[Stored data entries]

-=-=-=-=-

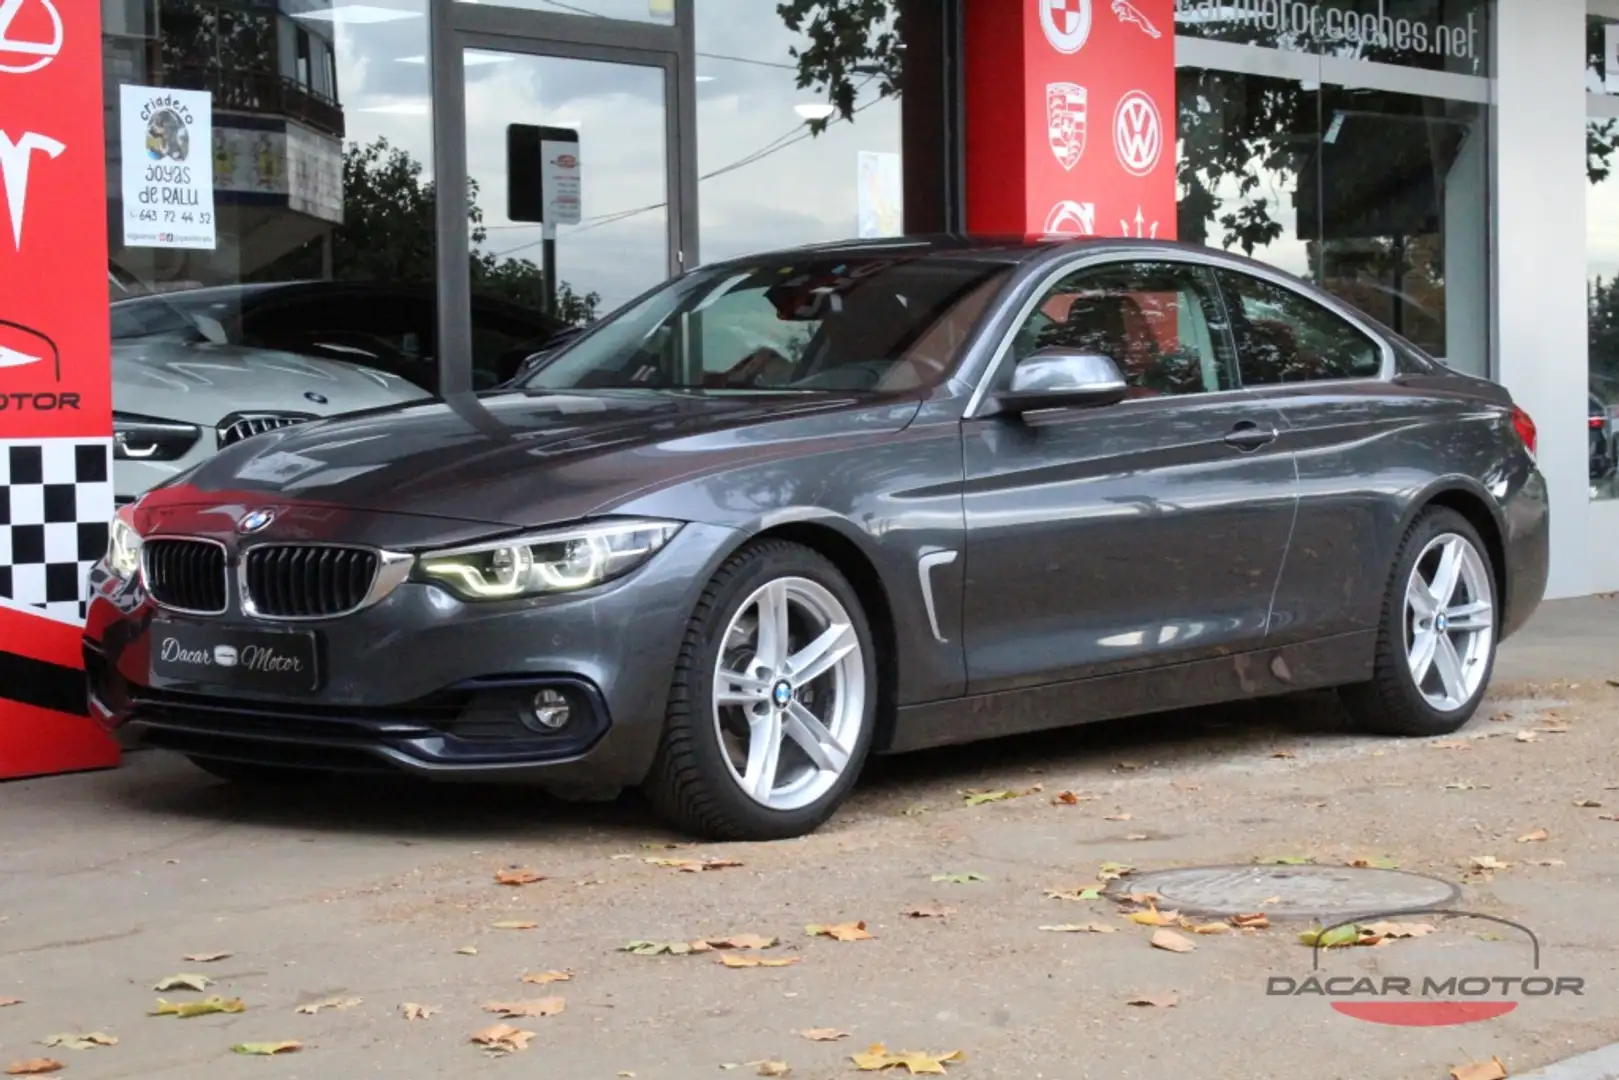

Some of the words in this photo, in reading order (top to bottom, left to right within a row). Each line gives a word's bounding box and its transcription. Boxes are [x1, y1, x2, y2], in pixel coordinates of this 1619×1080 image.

[140, 92, 193, 125] criadero
[138, 185, 158, 204] de
[162, 186, 199, 206] RALU
[163, 210, 176, 223] 72
[181, 211, 194, 224] 44
[161, 637, 212, 665] Dacar
[240, 644, 303, 672] Motor
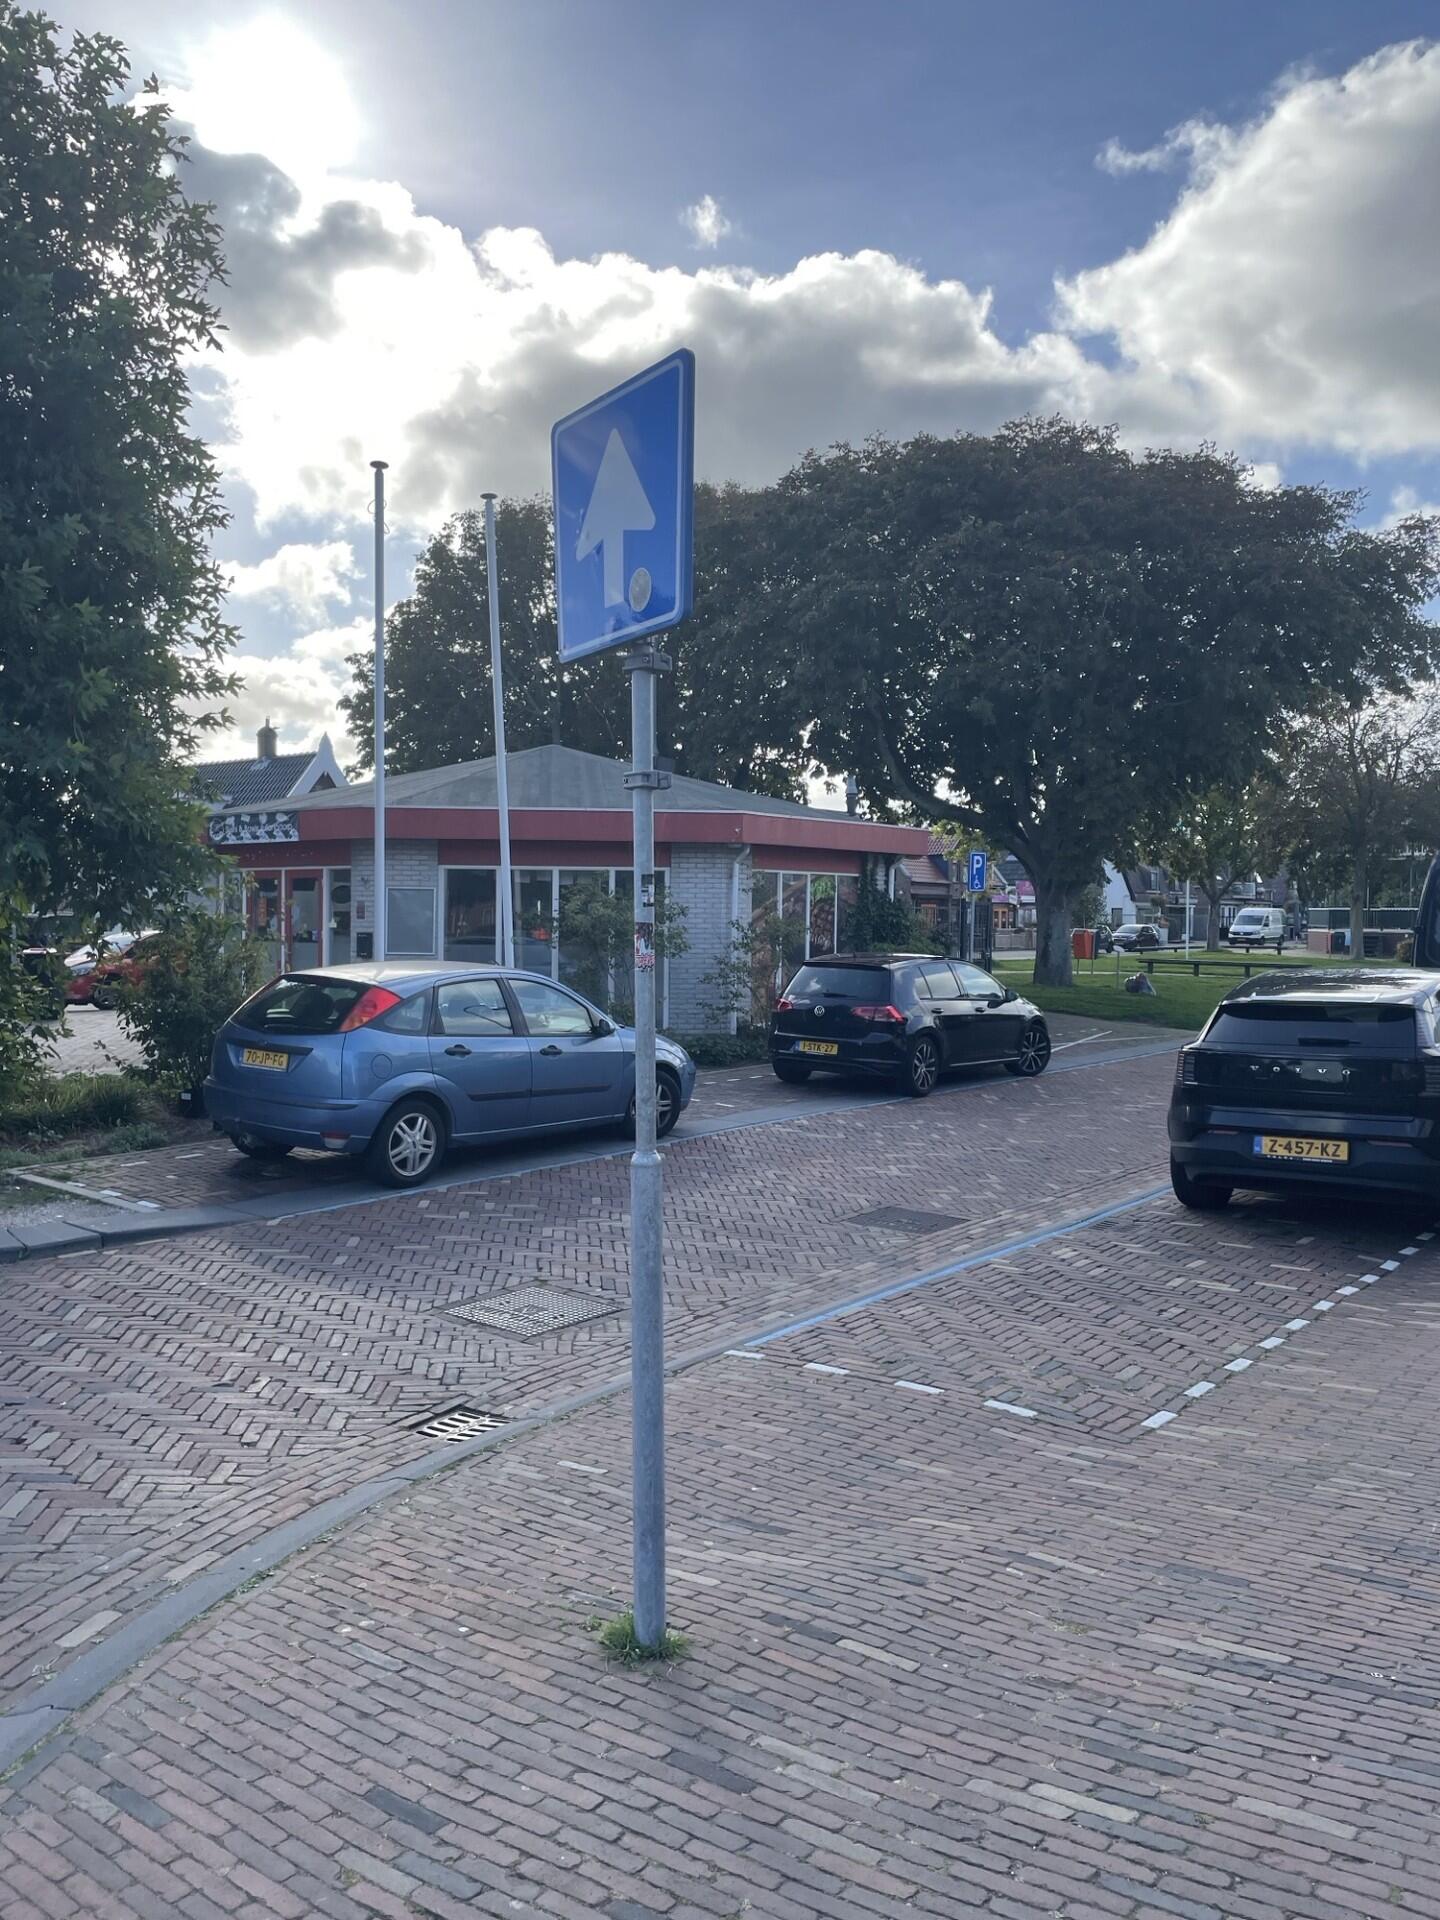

-=-=-=-=-

TASK REQUIREMENTS: The copy must match every line of the data exactly and contain no pictures.

EXPECTED ANSWER:
Some of the words in this photo, in reading order (top to bottom, left to right within a row). Each line gives a word's bounding box and its transcription. Boxes are [x1, y1, x2, y2], in pixel coordinates of this 1619×1080 image.

[140, 92, 193, 125] criadero
[138, 185, 158, 204] de
[162, 186, 199, 206] RALU
[163, 210, 176, 223] 72
[181, 211, 194, 224] 44
[161, 637, 212, 665] Dacar
[240, 644, 303, 672] Motor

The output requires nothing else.